### Problem requirements
Line by line, copy the entries exactly, excluding the pictures.

*** Opening of Data records ***

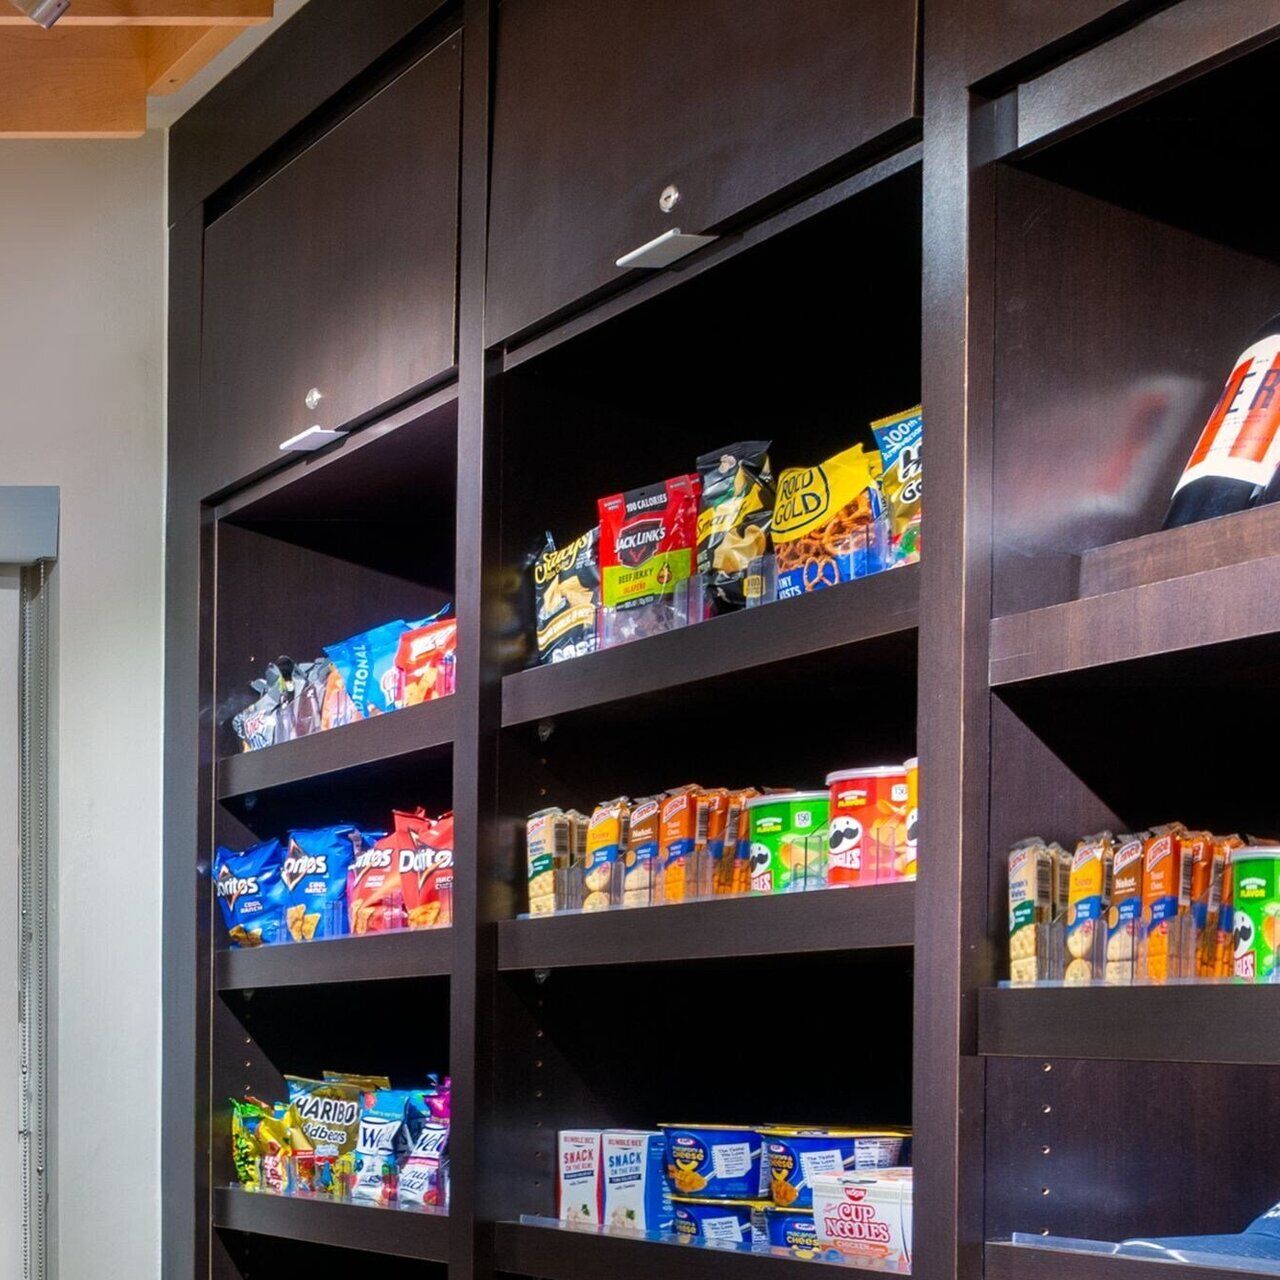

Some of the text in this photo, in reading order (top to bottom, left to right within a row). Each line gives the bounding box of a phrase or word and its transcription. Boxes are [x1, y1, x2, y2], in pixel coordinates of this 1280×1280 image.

[781, 469, 814, 500] ROLD
[638, 493, 667, 510] CALORIES
[775, 492, 822, 525] GOLD
[614, 527, 666, 553] JACK LINK'S
[618, 567, 654, 584] BEEF JERKY
[399, 849, 453, 873] Dorito
[216, 877, 259, 896] oritos
[564, 1148, 594, 1164] SNACK
[609, 1152, 642, 1167] SNACK
[838, 1203, 875, 1221] CUP
[825, 1218, 890, 1244] NOODLES

*** Close of Data records ***

### Result below
Some of the text in this photo, in reading order (top to bottom, left to right within a row). Each line gives the bounding box of a phrase or word and its transcription. Boxes are [x1, y1, x2, y2], in pixel coordinates of this 1280×1280 image.

[781, 469, 814, 500] ROLD
[638, 493, 667, 510] CALORIES
[775, 492, 822, 525] GOLD
[614, 527, 666, 553] JACK LINK'S
[618, 567, 654, 584] BEEF JERKY
[399, 849, 453, 873] Dorito
[216, 877, 259, 896] oritos
[564, 1148, 594, 1164] SNACK
[609, 1152, 642, 1167] SNACK
[838, 1203, 875, 1221] CUP
[825, 1218, 890, 1244] NOODLES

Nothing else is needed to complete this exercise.